Roberto Gamito
20.02.21
Aprendemos, por tentativa e erro, a tecer as nossas vidas. Ninguém nos ensina a fabricar uma teia em condições, pelo que, ao poisarem nela, os sonhos rapidamente esvoaçam para longe, ridicularizando a esparrela. O fardo de uma vida desprovida de alegria, a qual podíamos traduzir como vida sem norte, sem destino, uma vida de autêntico náufrago. Podíamos afirmar, sem exagero, que o Homem, enquanto bicho acanhado a braços com a sua vida, é o protagonista num palco inclinado, quer vejamos a peça como tragédia ou farsa.
Dessa cisão entre o que foi e o que poderia ter sido irrompe o eflúvio que contamina os passos ulteriores.
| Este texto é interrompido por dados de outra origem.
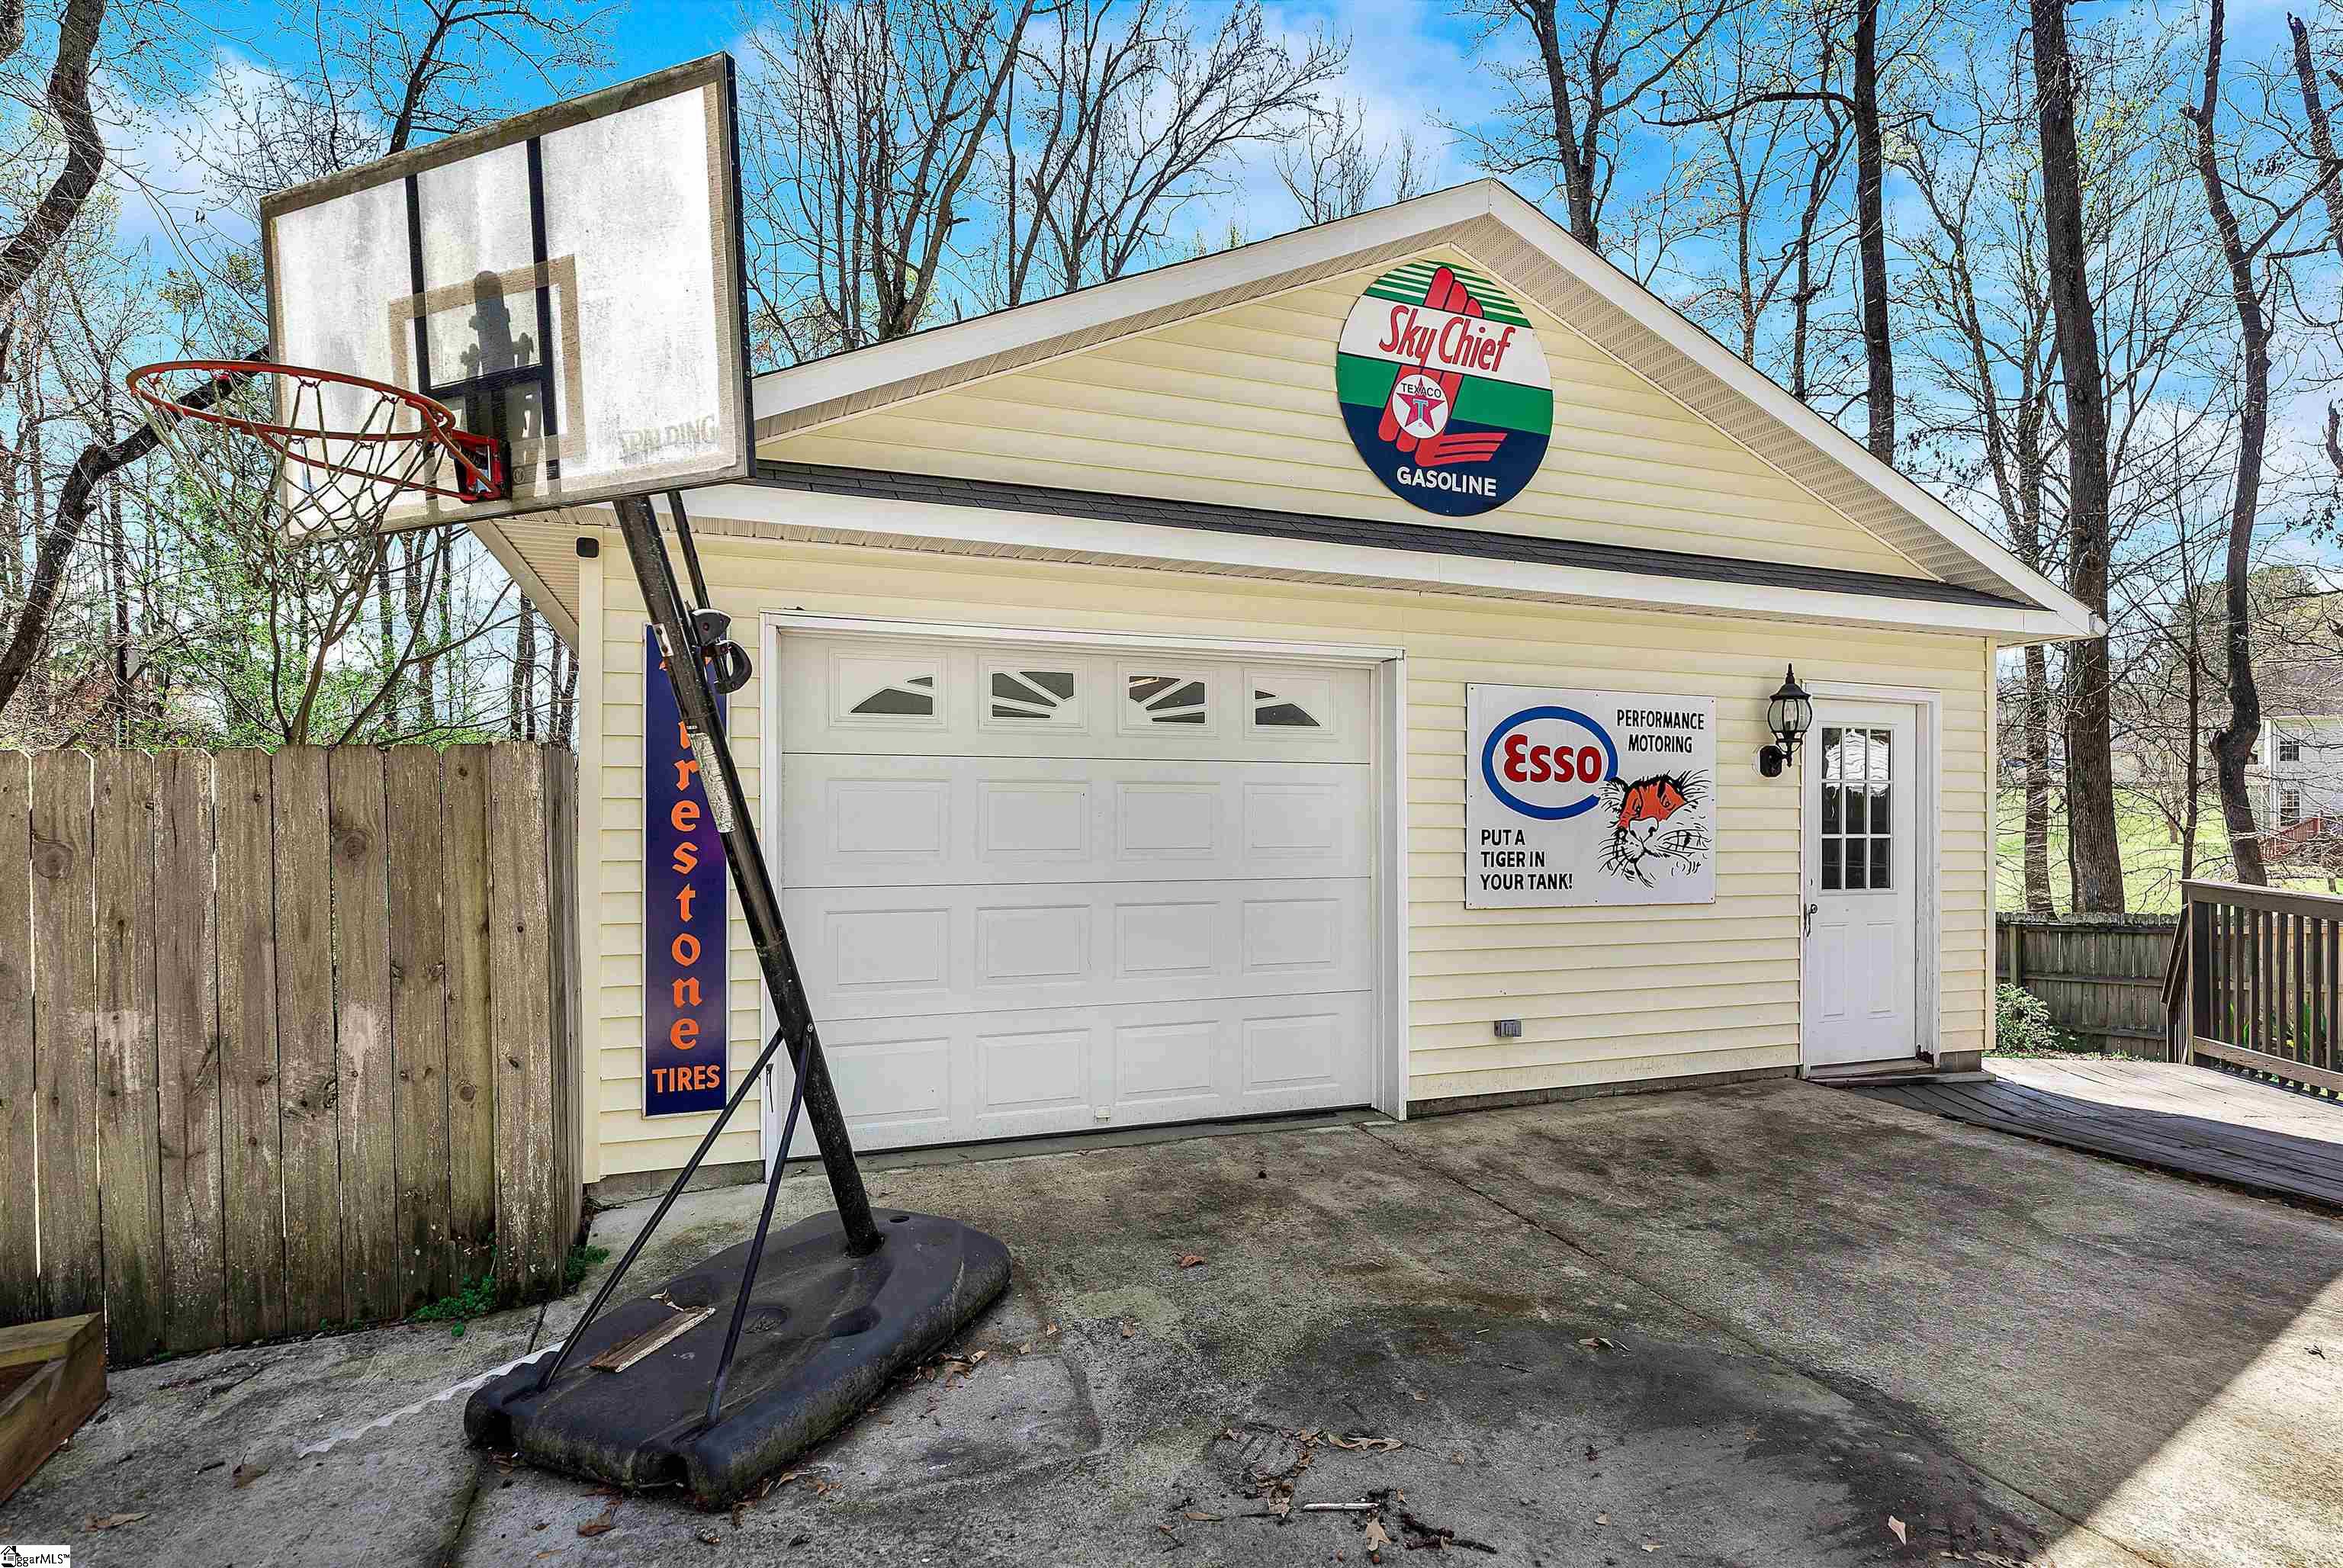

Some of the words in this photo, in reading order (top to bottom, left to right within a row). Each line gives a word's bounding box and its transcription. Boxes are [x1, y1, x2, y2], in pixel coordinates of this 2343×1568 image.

A ficção sangra e afugenta o futuro.
A inflação da depressão desgastou as relações industriosas com o mundo para lá do ponto de ruptura. Personagem ou o meu retrato?
Os demónios, hierarquizados numa escala de gritos, aguardavam nos bastidores por esta oportunidade a fim de que as suas ideias fluíssem sem obstáculos para o vazio gerado pela depressão.
O suicídio passou a atormentar-me os dias. Condenado à competição perpétua com os cães que me abocanham, qual Actéon tornado veado, reinterpreto a minha biografia como um erro dispendioso.
O fogo dos últimos dias não deve ser consumido cru. Queremos exercer o controlo das nossas vidas, mas o titereiro não consente.
No âmago, as frases desordeiras descrevem, ao chegarem à mão fragmentadas, um sentimento de frustração. Volta e meia renasço. O amor pelas pequenas coisas arruinou a minha experiência.